Nonprofit, nonpartisan journalism. Supported by readers.


This content is shared with MinnPost by MNopedia, the digital encyclopedia created by the Minnesota Historical Society and supported by the Legacy Amendment’s Arts and Cultural Heritage Fund.

Banned from public accommodations across the Iron Range in the ’20s, Finns opened their own 160-acre park

A gathering place of the Finnish cooperative movement, the park served the ethnic political radicals who energized the Iron Range labor movement and Minnesota’s Farmer-Labor party.

Located near Hibbing, Mesaba Co-op Park is one of the few remaining continuously operated cooperative parks in the country. A gathering place of the Finnish cooperative movement, the park served the ethnic political radicals who energized the Iron Range labor movement and Minnesota’s Farmer-Labor party.

In late 1928, the Mesaba Range Co-operative Federation began securing land for a park to accommodate large Finnish gatherings. One hundred and sixty acres, including a fifty-two-acre lake not shown on lumber company maps, were purchased for $2000. Forty Finnish American organizations purchased membership shares. Volunteers cleared land for a road, grounds, and building sites.

Article continues after advertisement

The period of the park’s founding was one of anti-Finnish sentiment. Signs across the Range read, “No Indians or Finns allowed.” The Finns’ prominent role in the 1907 and 1916 Mesaba Range strikes had led to blacklisting. The Finnish cooperative movement was, in part, a response to this discrimination. In June 1929, as work progressed, an article in the Finnish-language newspaper Työmies (The Workman) announced that local Finns would celebrate in Chisholm for the last time without a progressive venue of their own.

The park opened on September 22, 1929. In the spring of 1930, construction began on a caretaker’s residence and a children’s school. The park’s centerpiece, a dance pavilion, was completed in June 1930.

Early festivals featured plays, track and field events, swimming, and dances. In addition to sports, students at the North Star children’s camp were given an introduction to working-class thought.

The park became a gathering place for members of the Farmer-Labor party, the Congress of Industrial Organizations (CIO), and the Communist Party of America. As a boy, Iron Ranger Gus Hall, a four-time Communist Party candidate for president, helped his father and others build the dance pavilion.

Between eight and ten thousand people attended the park’s 1936 summer festival. They heard speeches from Elmer Benson and John T. Bernard, Farmer-Labor candidates for governor and congressman, respectively. A dance that summer, featuring accordionist Viola Turpeinen, packed over one thousand people onto the dance floor in alternating shifts.
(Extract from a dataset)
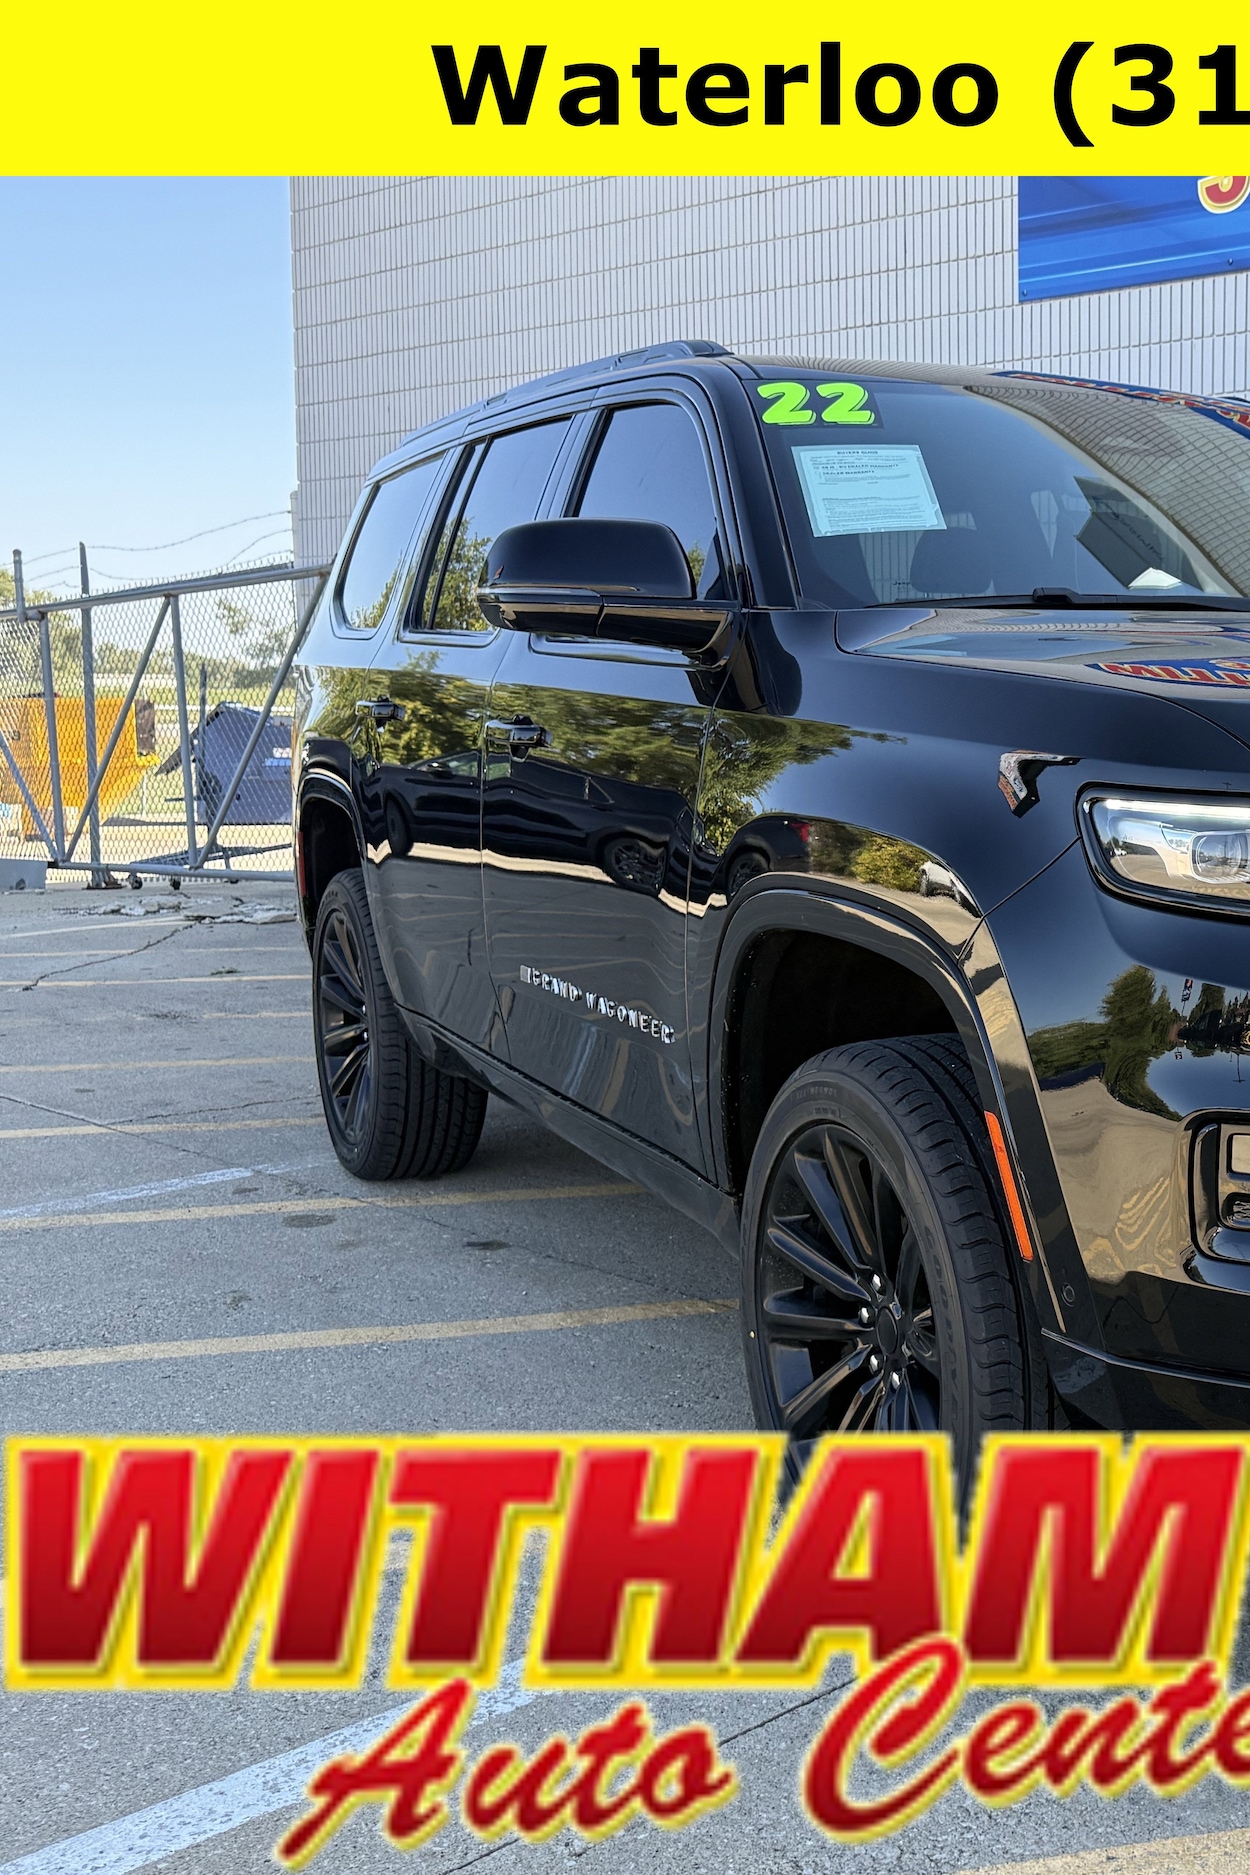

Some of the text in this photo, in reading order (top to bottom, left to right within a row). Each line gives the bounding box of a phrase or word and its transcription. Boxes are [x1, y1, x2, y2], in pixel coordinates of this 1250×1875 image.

In 1938, the creation of the House Un-American Activities Committee initiated the era of communist “witch-hunts,” blacklisting, and guilt-by-association persecution. During this period of fear, intimidation, and surveillance, whipped into a near-frenzy by the committees of Senator Joseph McCarthy in the 1950s, it was difficult to belong to the park.

FBI agents stationed outside the park collected the license plate numbers of those who entered. The park was stigmatized as the “Commie Park” and the “Red Park.” This “red-baiting” atmosphere, combined with the increasing Americanization of Finnish children and post-World War II patriotism, led to a decline in membership that seriously threatened the park’s survival. Opening membership to individuals as well as groups in 1959 was a necessary response.
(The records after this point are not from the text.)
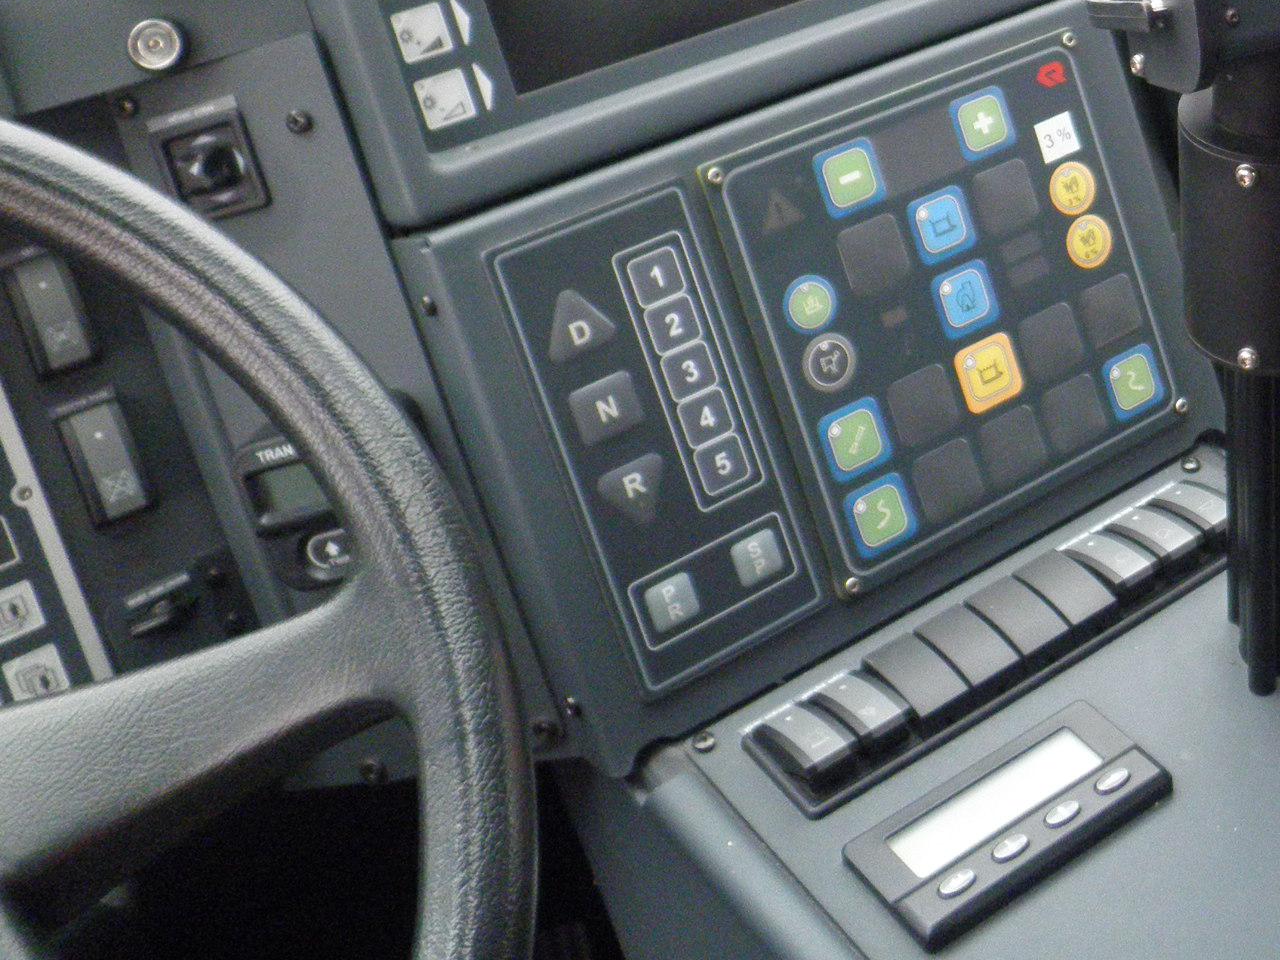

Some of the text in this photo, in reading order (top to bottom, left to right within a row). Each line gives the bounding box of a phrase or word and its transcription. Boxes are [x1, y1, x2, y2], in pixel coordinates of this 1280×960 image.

[649, 265, 665, 288] 1
[567, 319, 592, 346] D
[664, 312, 684, 337] 2
[681, 359, 701, 383] 3
[595, 394, 620, 423] N
[698, 404, 716, 428] 4
[714, 451, 733, 476] 5
[621, 471, 647, 499] R
In the late 1960s and early 1970s, young people spurred the park’s revival. Many had no Finnish heritage and came from the anti-war, environmentalist, and feminist movements. Younger members affiliated with the respected Työmies newspaper, like Weikko Jarvi and Timo and Belinda Poropudas, helped bridge the generational, cultural, and trust gaps between the aging Finns and the diverse newcomers.
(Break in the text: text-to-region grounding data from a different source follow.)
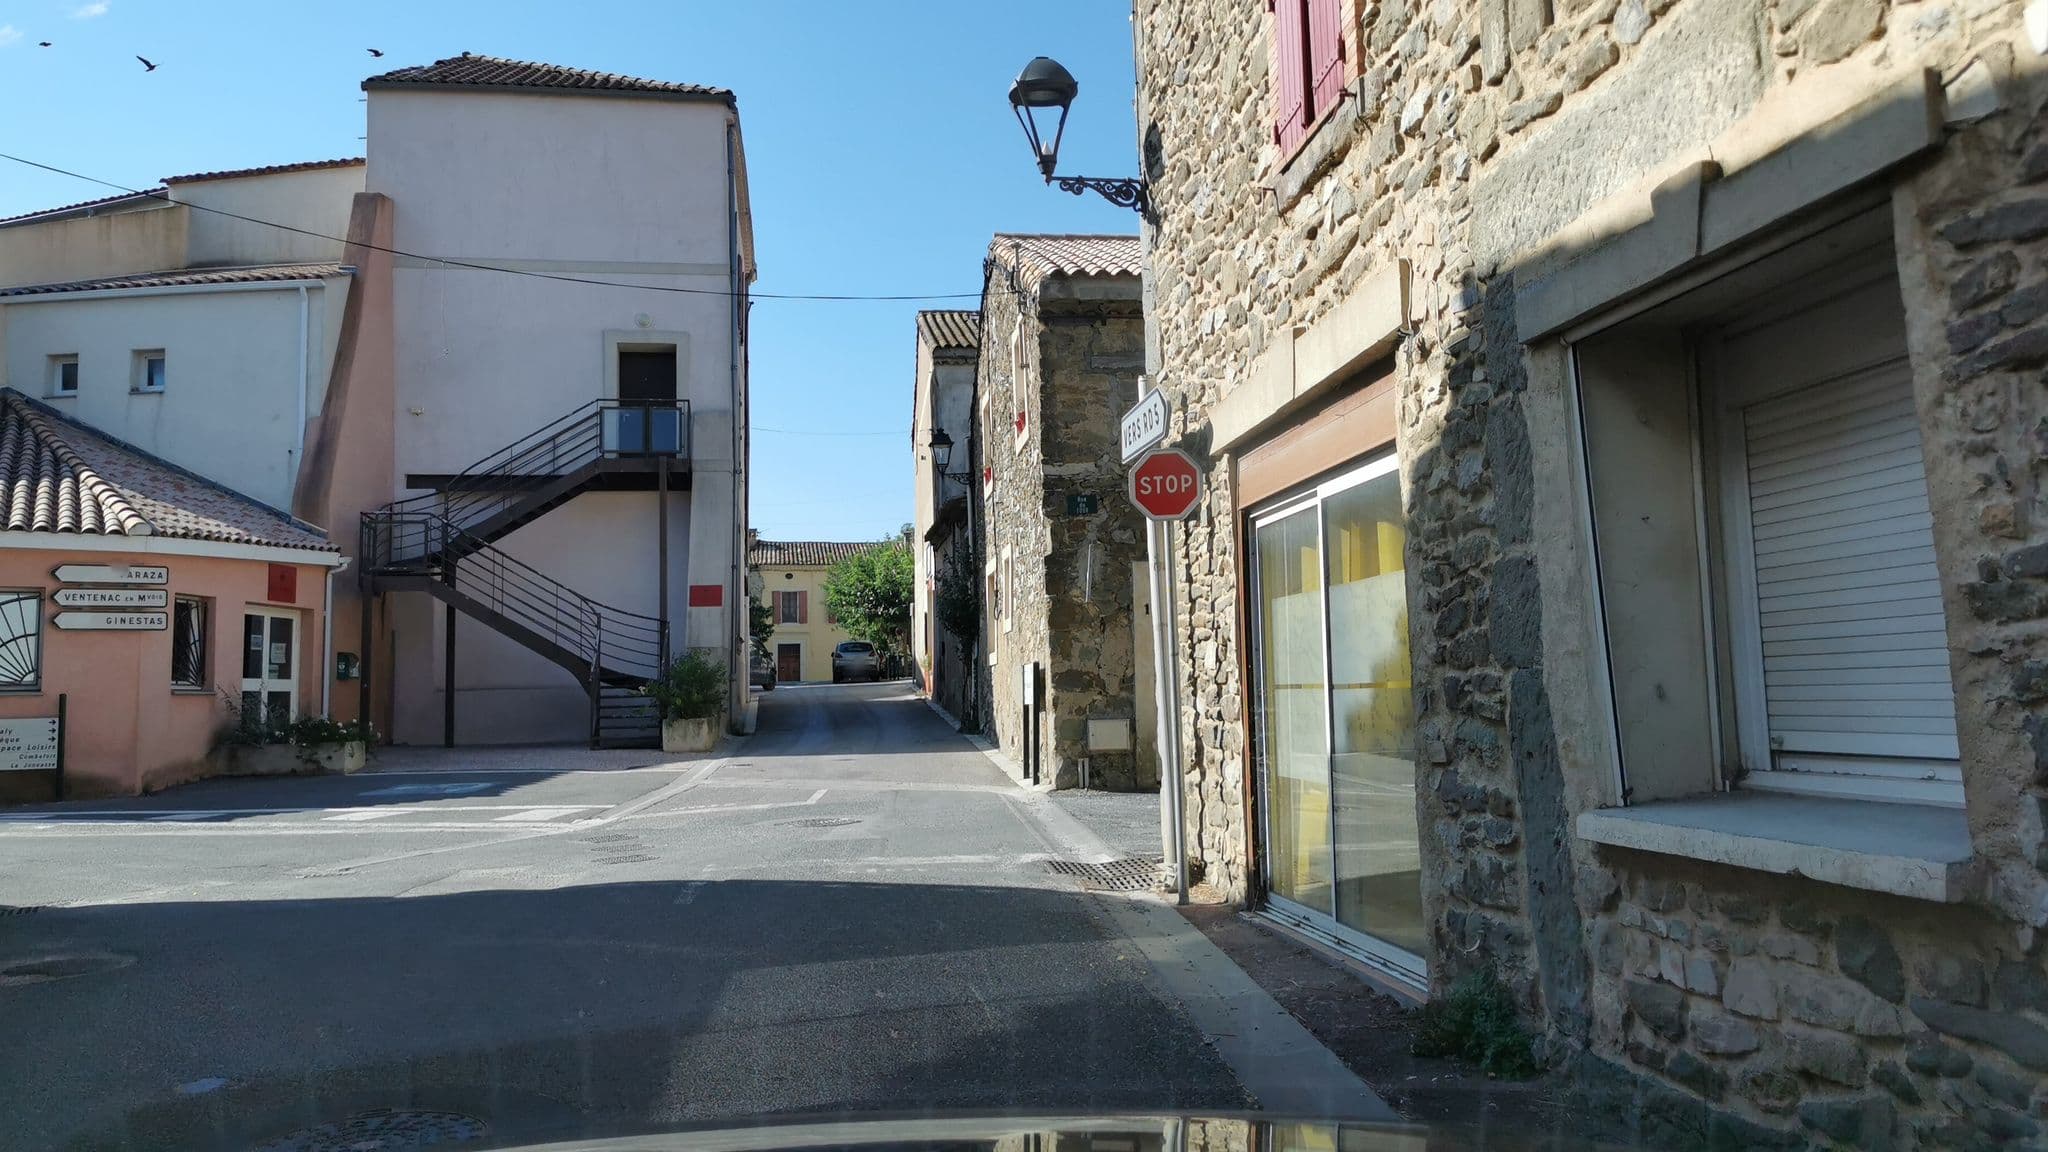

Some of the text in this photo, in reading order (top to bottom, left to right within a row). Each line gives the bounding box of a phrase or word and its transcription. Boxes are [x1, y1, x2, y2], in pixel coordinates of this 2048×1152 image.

[1124, 418, 1141, 448] VERS
[1140, 474, 1192, 494] STOP
[120, 571, 163, 579] ARAZA
[64, 593, 121, 602] VENTENAC
[106, 617, 163, 625] GINESTAS
The original socialist and communist politics of Mesaba Co-op Park have largely faded, replaced by a general spirit of progressivism. Additional land was acquired, bringing the park’s total size to 240 acres. The main annual event remains the Juhannes, or Midsummer, festival. It features folk dancing, guest speakers, music, a Maypole, late-night bonfire, Finnish American mojakka stew, and an arts camp for children.

The park also stands as a reminder of the many small Finn halls once dotting the Iron Range. As those halls closed, their contents, including lumber, chairs, a barrel stove, and stage drops and scenery, often found a new home at Mesaba Park.